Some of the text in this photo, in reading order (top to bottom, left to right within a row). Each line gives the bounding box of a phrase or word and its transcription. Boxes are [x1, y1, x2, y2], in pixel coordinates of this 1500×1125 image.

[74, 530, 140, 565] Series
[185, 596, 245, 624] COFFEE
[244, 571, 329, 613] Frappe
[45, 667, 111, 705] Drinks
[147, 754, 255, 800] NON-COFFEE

• • • •

▸ Work order
For this exercise, set down the entire listing above exactly as given.

▸ Exercise result
Some of the text in this photo, in reading order (top to bottom, left to right within a row). Each line gives the bounding box of a phrase or word and its transcription. Boxes are [x1, y1, x2, y2], in pixel coordinates of this 1500×1125 image.

[74, 530, 140, 565] Series
[185, 596, 245, 624] COFFEE
[244, 571, 329, 613] Frappe
[45, 667, 111, 705] Drinks
[147, 754, 255, 800] NON-COFFEE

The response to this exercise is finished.